Influence of 120 kDa Pyruvate:Ferredoxin Oxidoreductase on Pathogenicity of Trichomonas vaginalis.
- Author:
Hyun Ouk SONG
1
Author Information
- Publication Type:Brief Communication
- Keywords: Trichomonas vaginalis; pyruvate:ferredoxin oxidoreductase; iron; adhesion; abscess formation
- MeSH: Animals; Antibodies/metabolism; Cell Proliferation/drug effects; Epithelial Cells/parasitology; Host-Pathogen Interactions/drug effects/*physiology; Iron/pharmacology; Mice; Pyruvate Synthase/*metabolism; Rabbits; Trace Elements/pharmacology; Trichomonas Infections/*parasitology; Trichomonas vaginalis/drug effects/genetics/metabolism/*pathogenicity
- From:The Korean Journal of Parasitology 2016;54(1):71-74
- CountryRepublic of Korea
- Language:English
- Abstract: Trichomonas vaginalis is a flagellate protozoan parasite and commonly infected the lower genital tract in women and men.
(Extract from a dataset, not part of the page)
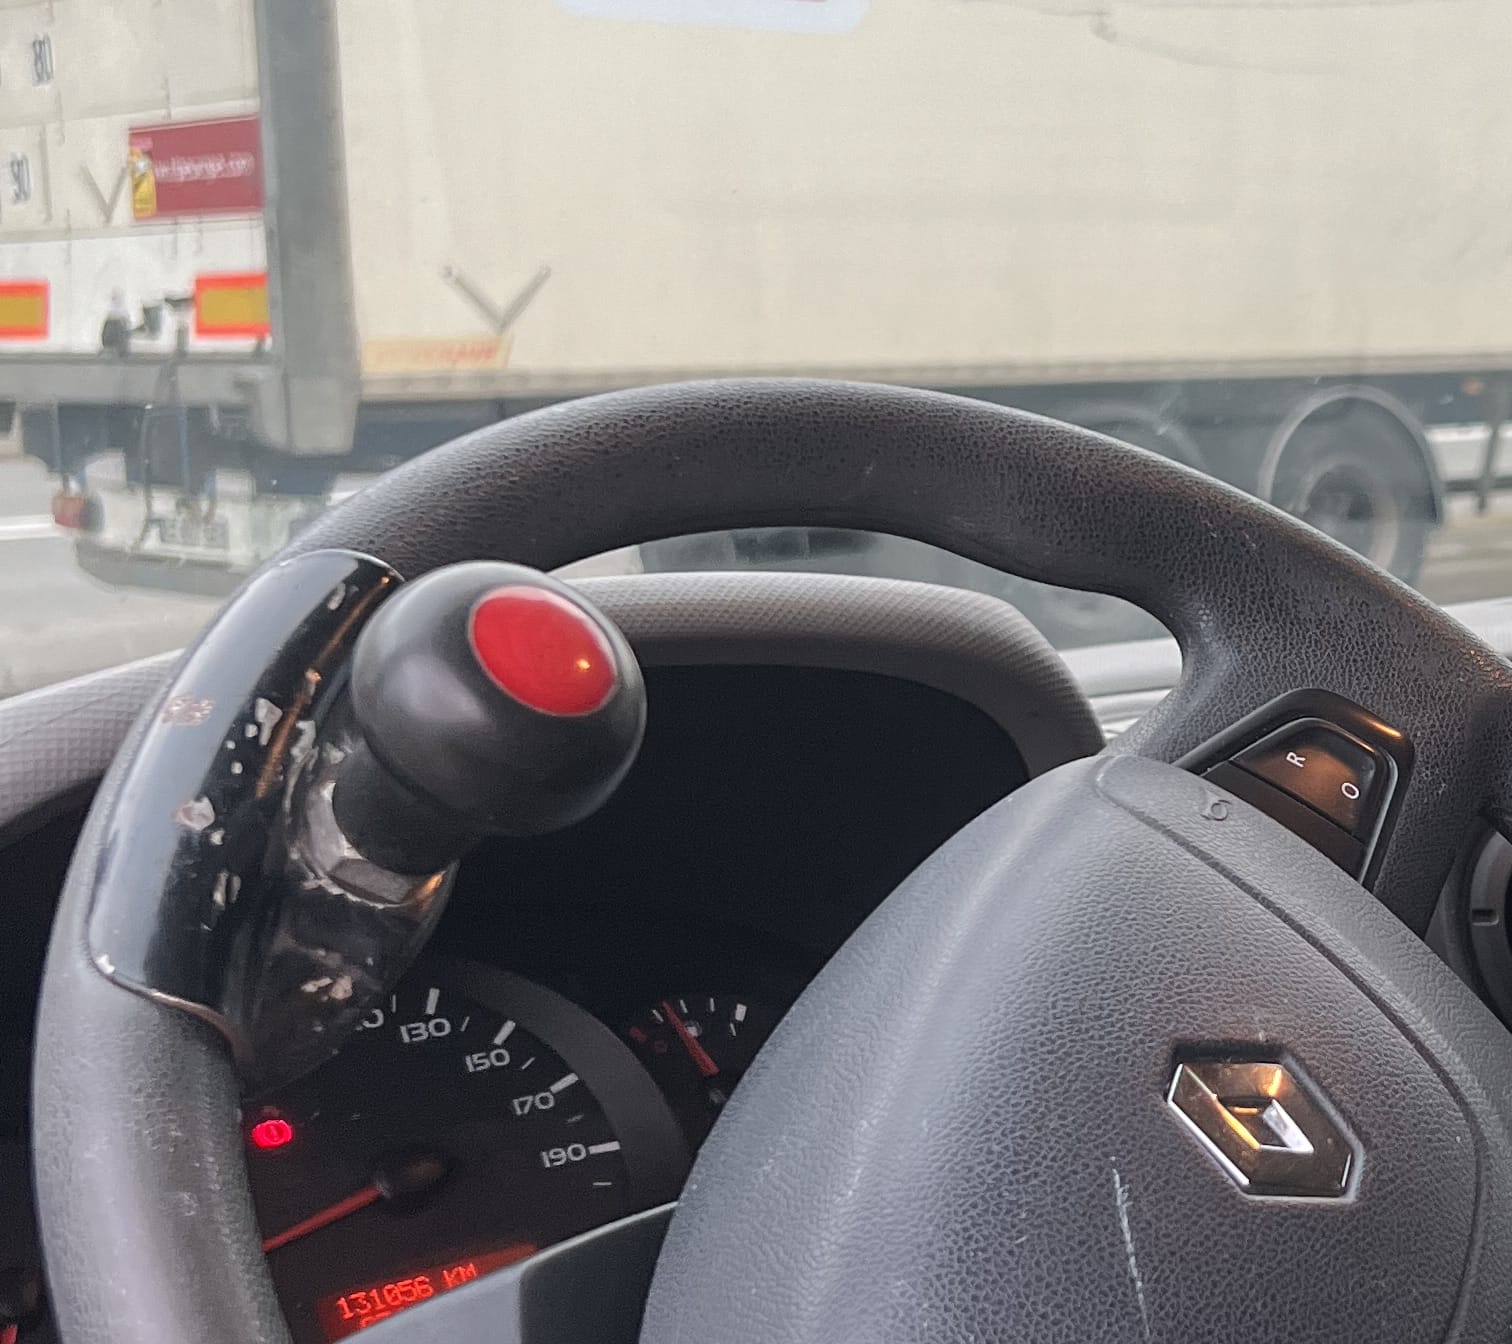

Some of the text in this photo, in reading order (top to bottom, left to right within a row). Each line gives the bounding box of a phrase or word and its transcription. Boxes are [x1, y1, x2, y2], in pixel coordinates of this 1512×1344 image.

Iron is a known nutrient for growth of various pathogens, and also reported to be involved in establishment of trichomoniasis. However, the exact mechanism was not clarified. In this study, the author investigated whether the 120 kDa protein of T. vaginalis may be involved in pathogenicity of trichomonads. Antibodies against 120 kDa protein of T. vaginalis, which was identified as pyruvate:ferredoxin oxidoreductase (PFOR) by peptide analysis of MALDI-TOF-MS, were prepared in rabbits. Pretreatment of T. vaginalis with anti-120 kDa Ab decreased the proliferation and adherence to vaginal epithelial cells (MS74) of T. vaginalis. Subcutaneous tissue abscess in anti-120 kDa Ab-treated T. vaginalis-injected mice was smaller in size than that of untreated T. vaginalis-infected mice. Collectively, the 120 kDa protein expressed by iron may be involved in proliferation, adhesion to host cells, and abscess formation, thereby may influence on the pathogenicity of T. vaginalis.